Novartis has reported that findings from three large, randomized Phase III studies demonstrate the superiority of Tasigna (nilotinib) to  Gleevec (imatinib mesylate) tablets at achieving deeper molecular responses across various Philadelphia chromosome-positive chronic myeloid leukemia (Ph+ CML) patient populations, including newly diagnosed patients, patients with residual disease who switched to Tasigna after long-term treatment with Gleevec, and patients who failed to respond to frontline Gleevec (as defined by 2013 European LeukemiaNet [ELN] guidelines). These results were presented in oral sessions at the 55th annual meeting of the American Society of Hematology (ASH) in New Orleans.

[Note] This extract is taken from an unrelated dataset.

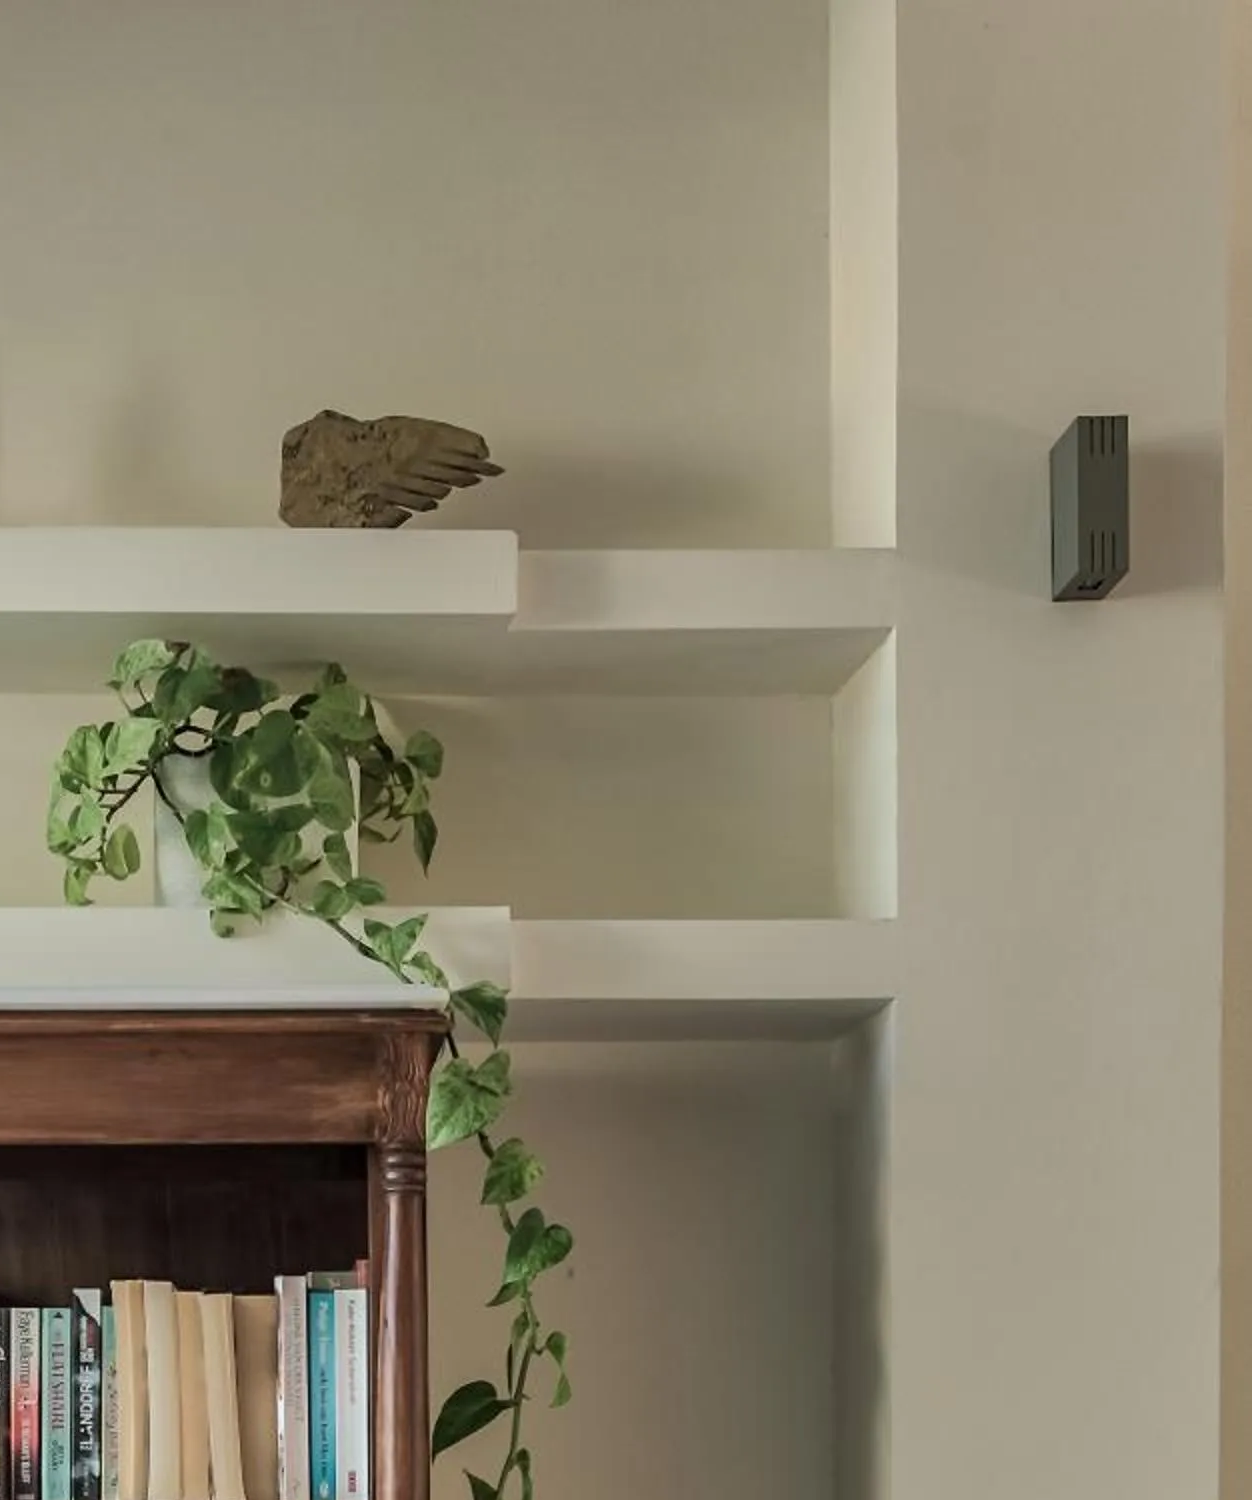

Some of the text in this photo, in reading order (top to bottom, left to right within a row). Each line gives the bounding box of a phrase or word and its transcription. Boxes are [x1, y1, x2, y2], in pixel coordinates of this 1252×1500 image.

[17, 1311, 32, 1388] Faye Kellerman
[51, 1342, 65, 1431] FLATSHARE

The five-year ENESTnd data, presented at ASH, continued to support the use of Tasigna in newly diagnosed Ph+ CML patients and demonstrated higher rates of early and deeper sustained molecular response, including MR4.5, and a reduced risk of progression compared to Gleevec. The difference in the rates of both MR4 and MR4.5 continued to be higher for both Tasigna 300 mg and 400 mg twice daily arms compared to Gleevec. Data indicated a trend for higher overall survival (OS) and event-free survival (EFS) rates in patients treated with Tasigna compared to patients treated with Gleevec. Fifteen patients treated with Gleevec had CML-related deaths, compared to six and four patients on the Tasigna 300 mg and 400 mg twice daily arms, respectively. Few new adverse events (AEs) and laboratory abnormalities were observed between four and five years. Rates of patients with AEs leading to discontinuation were 11.1%, 17.7% and 13.2% in the Tasigna 300 mg twice daily, Tasigna 400 mg twice daily and Gleevec arms, respectively.

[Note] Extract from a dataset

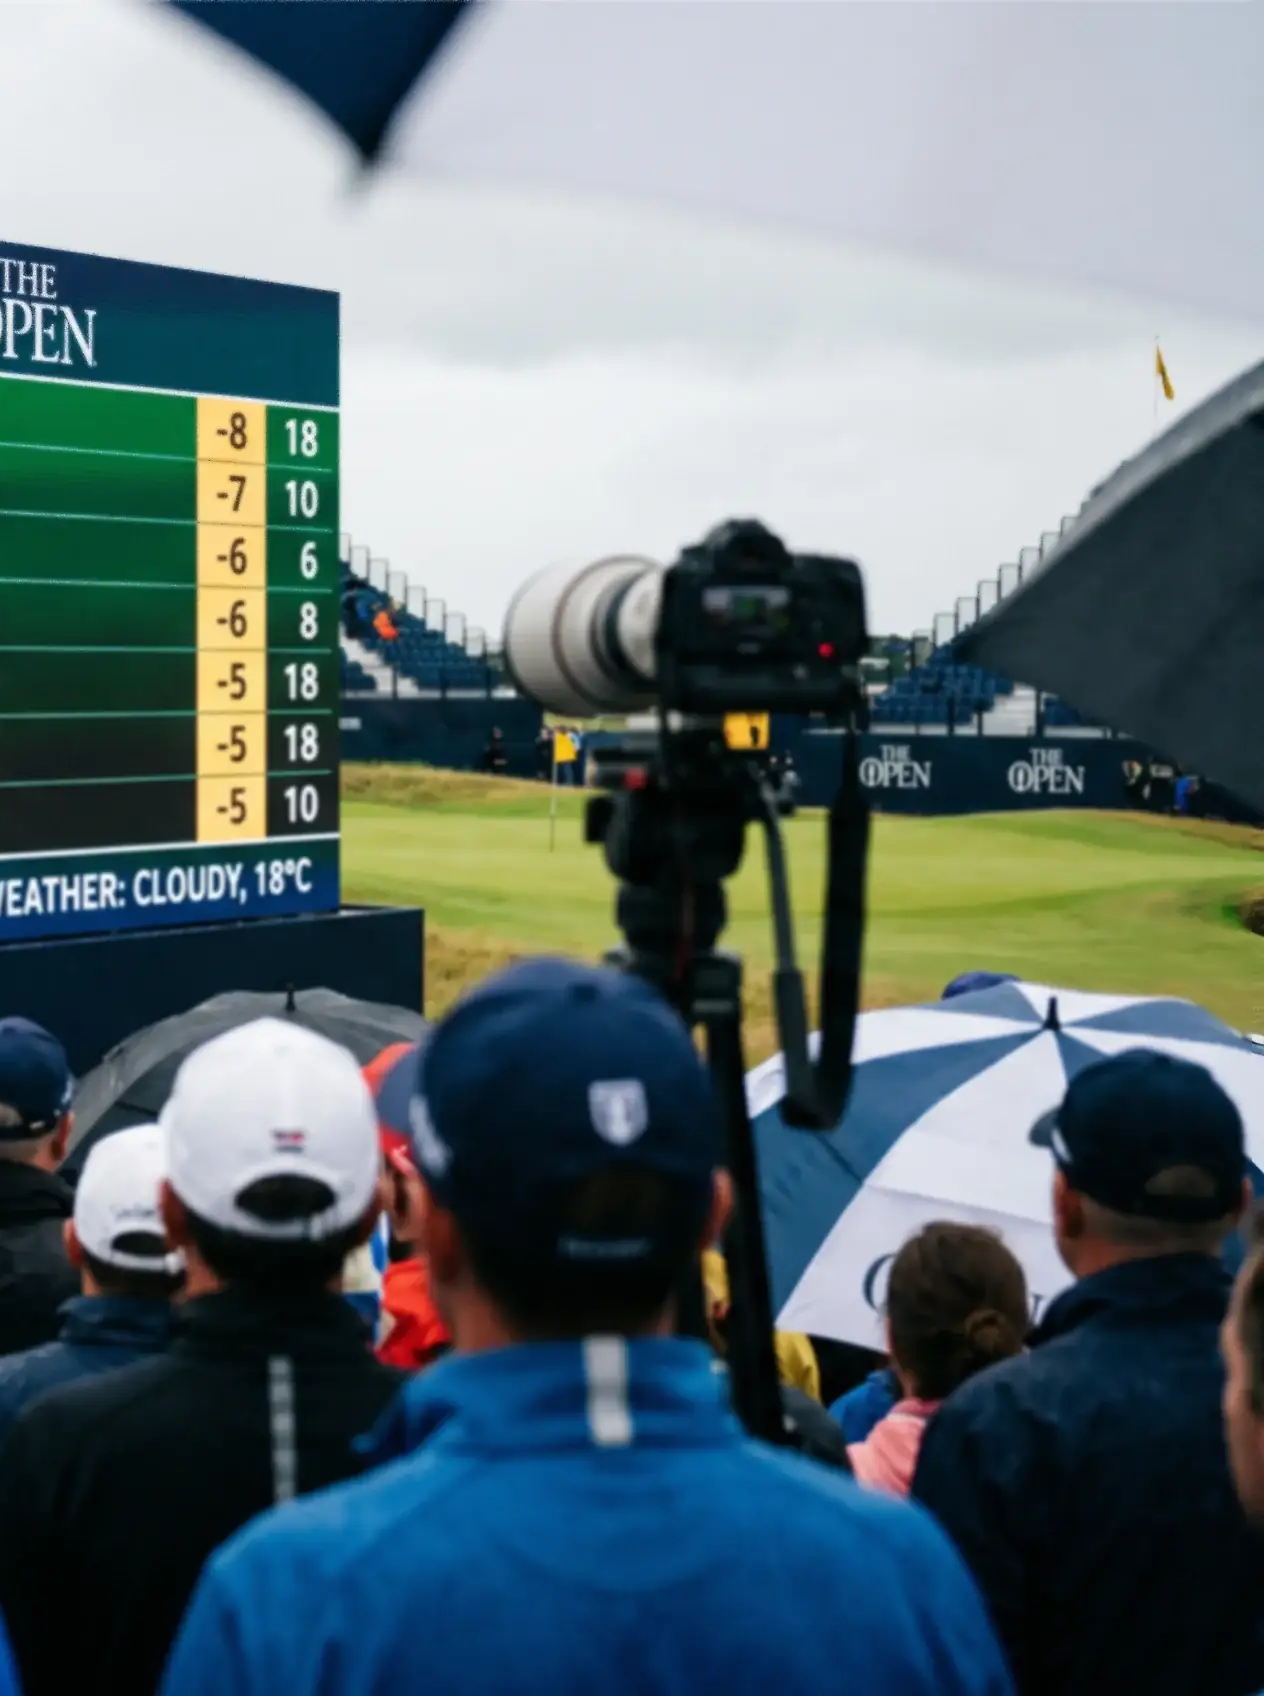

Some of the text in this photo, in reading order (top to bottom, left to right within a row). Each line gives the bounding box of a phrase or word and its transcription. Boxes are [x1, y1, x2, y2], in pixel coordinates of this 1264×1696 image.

In a separate follow-up analysis, results from the 36-month ENESTcmr data continued to show that Ph+ CML patients with residual disease following long-term treatment with Gleevec achieved deeper molecular responses** after switching to Tasigna. Among patients without documented MR4.5 at baseline, cumulative incidence of MR4.5 was higher in patients randomized to Tasigna versus Gleevec. MR4.5 was achieved faster with median time to response of 24.0 months in the Tasigna arm and was not reached in the Gleevec arm. The safety profiles for Tasigna and Gleevec were consistent with prior studies. By 36 months, no patients in either arm progressed to accelerated phase/blast crisis (AP/BC).

Novartis also presented results from the LASOR study, which demonstrated higher rates of molecular response in patients who failed to achieve a cytogenetic response (CCyR) with frontline Gleevec (patients who do not achieve CCyR by six months, have loss of response at any time or have intolerance) who switched to Tasigna, versus those who dose escalated on Gleevec (600 mg daily). The primary endpoint of CCyR at six months after randomization, which was confounded by high rates of crossover to Tasigna from the Gleevec arm, did not achieve statistical significance, but the company contends the clinical benefit of Tasigna was best evaluated when considering cross-over patients as non-responders. A sensitivity analysis conducted supported the efficacy of Tasigna over Gleevec. The safety profile for both drugs was consistent with prior reports of patients who switched therapy after inadequate responses to Gleevec.